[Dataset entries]
=-=-=
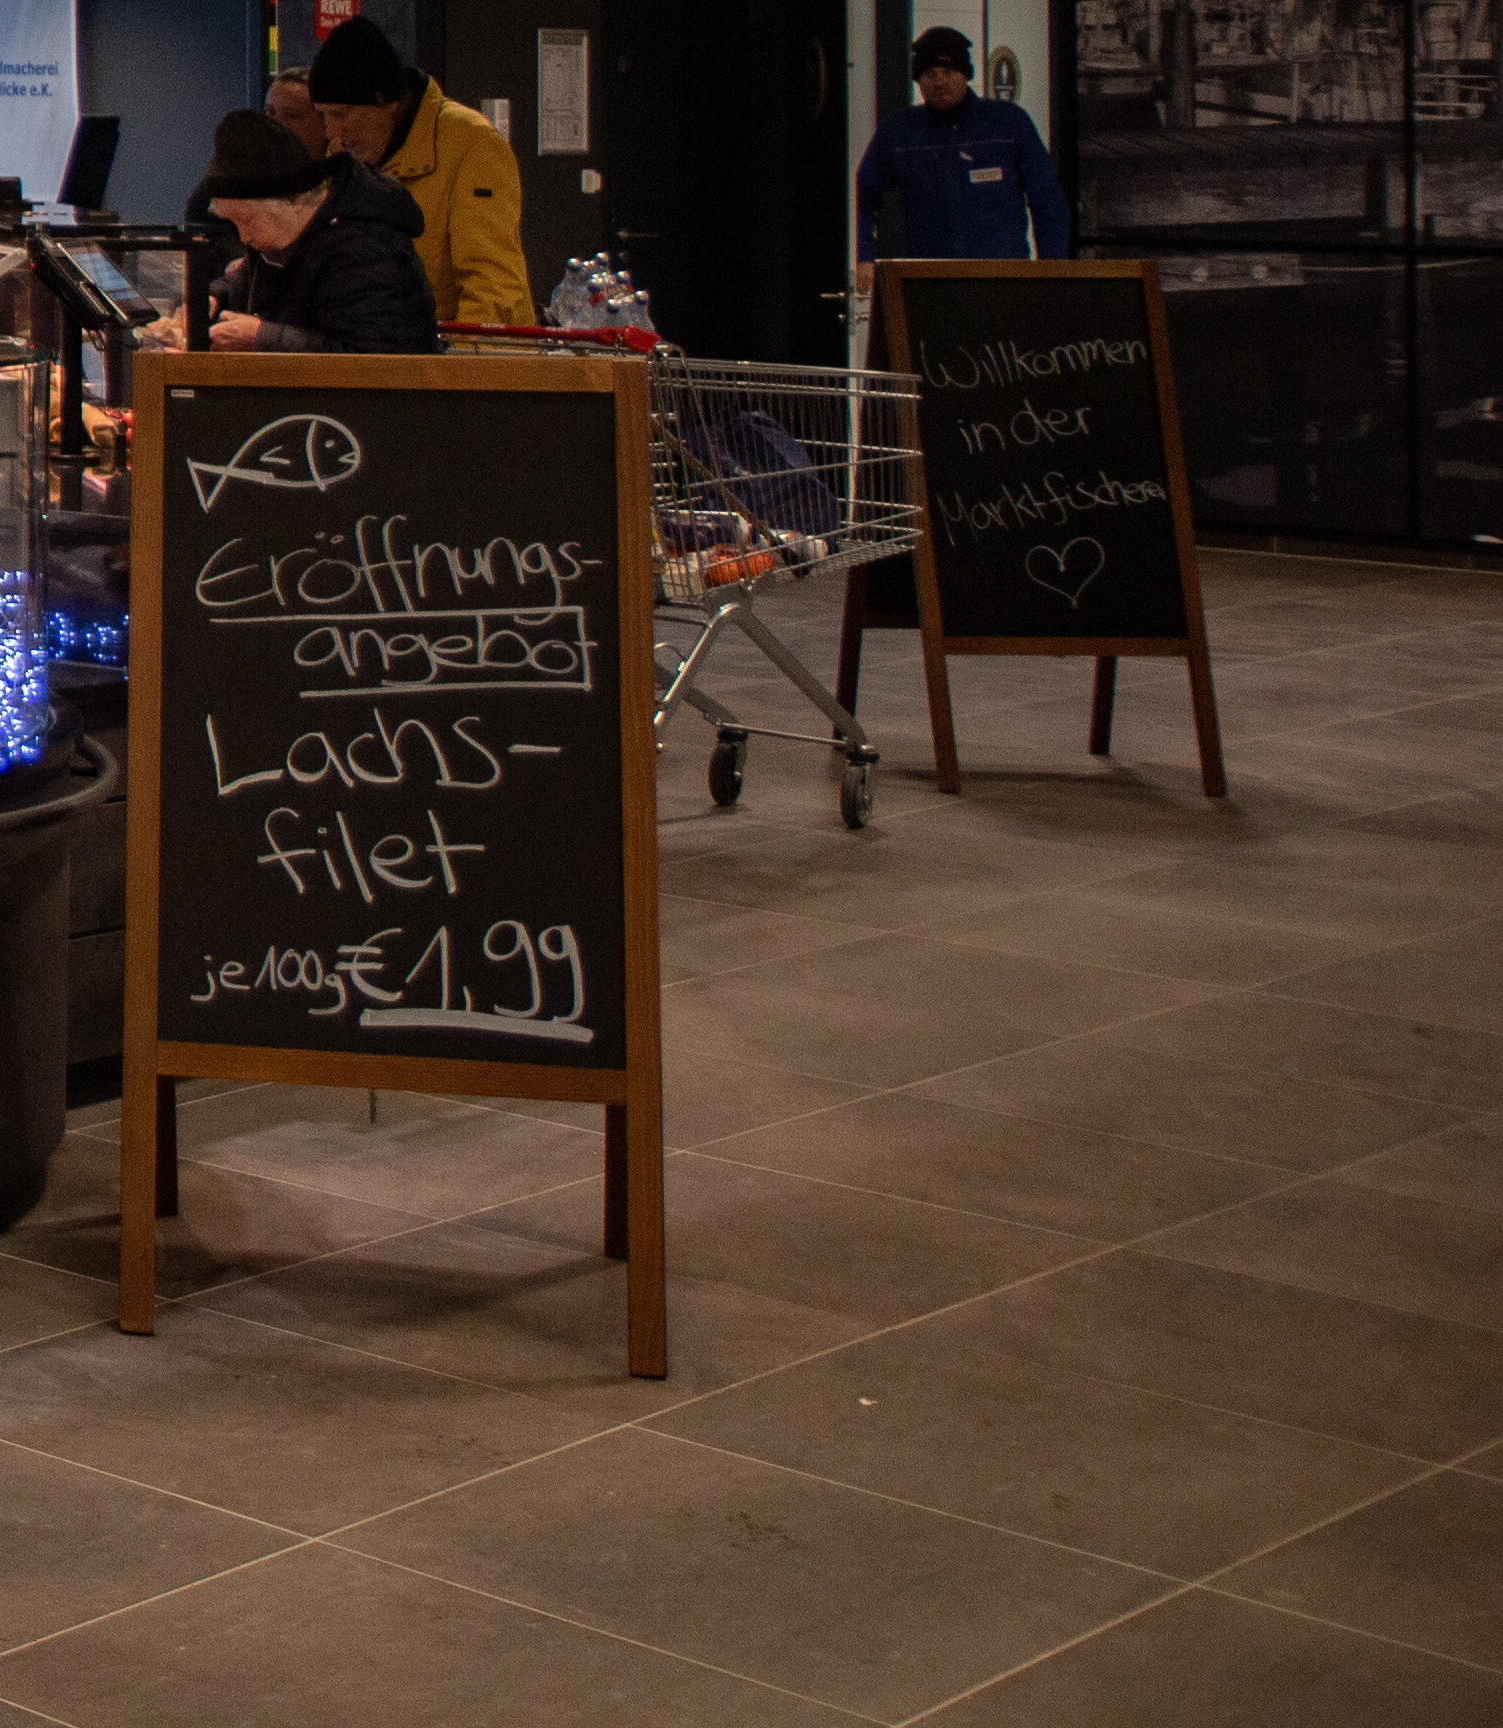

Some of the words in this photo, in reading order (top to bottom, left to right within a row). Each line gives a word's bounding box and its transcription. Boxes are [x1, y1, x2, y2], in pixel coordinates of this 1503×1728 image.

[30, 82, 52, 97] e.K.
[920, 338, 1147, 389] Willkommen
[957, 418, 1006, 455] in
[1010, 398, 1092, 446] der
[195, 514, 603, 625] Eröffnungs-
[294, 613, 599, 687] angebot
[206, 707, 562, 796] Lachs-
[257, 807, 486, 904] filet
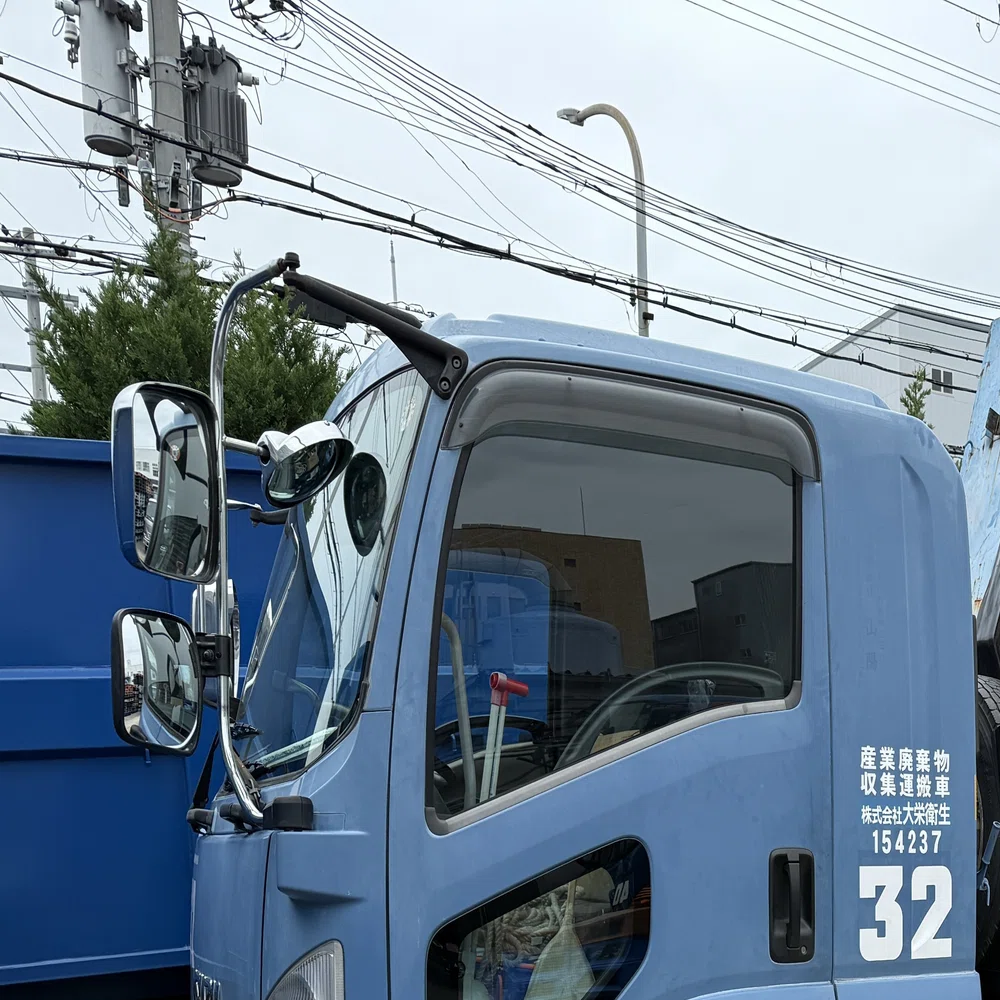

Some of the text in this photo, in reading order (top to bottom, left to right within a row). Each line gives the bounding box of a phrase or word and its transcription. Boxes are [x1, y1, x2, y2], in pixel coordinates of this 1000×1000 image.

[860, 745, 951, 773] 産業廃棄物
[860, 772, 951, 798] 収集運搬車
[861, 802, 951, 826] 株式会社大栄衛生
[872, 829, 942, 854] 154237
[859, 865, 952, 962] 32
=-=-=
WORK TASK |
Output all of the entries once more, word for word, with the images removed.

WRITTEN REPLY |
Some of the words in this photo, in reading order (top to bottom, left to right within a row). Each line gives a word's bounding box and its transcription. Boxes are [x1, y1, x2, y2], in pixel coordinates of this 1503×1728 image.

[30, 82, 52, 97] e.K.
[920, 338, 1147, 389] Willkommen
[957, 418, 1006, 455] in
[1010, 398, 1092, 446] der
[195, 514, 603, 625] Eröffnungs-
[294, 613, 599, 687] angebot
[206, 707, 562, 796] Lachs-
[257, 807, 486, 904] filet

Some of the text in this photo, in reading order (top to bottom, left to right within a row). Each line gives the bounding box of a phrase or word and its transcription. Boxes are [x1, y1, x2, y2], in pixel coordinates of this 1000×1000 image.

[860, 745, 951, 773] 産業廃棄物
[860, 772, 951, 798] 収集運搬車
[861, 802, 951, 826] 株式会社大栄衛生
[872, 829, 942, 854] 154237
[859, 865, 952, 962] 32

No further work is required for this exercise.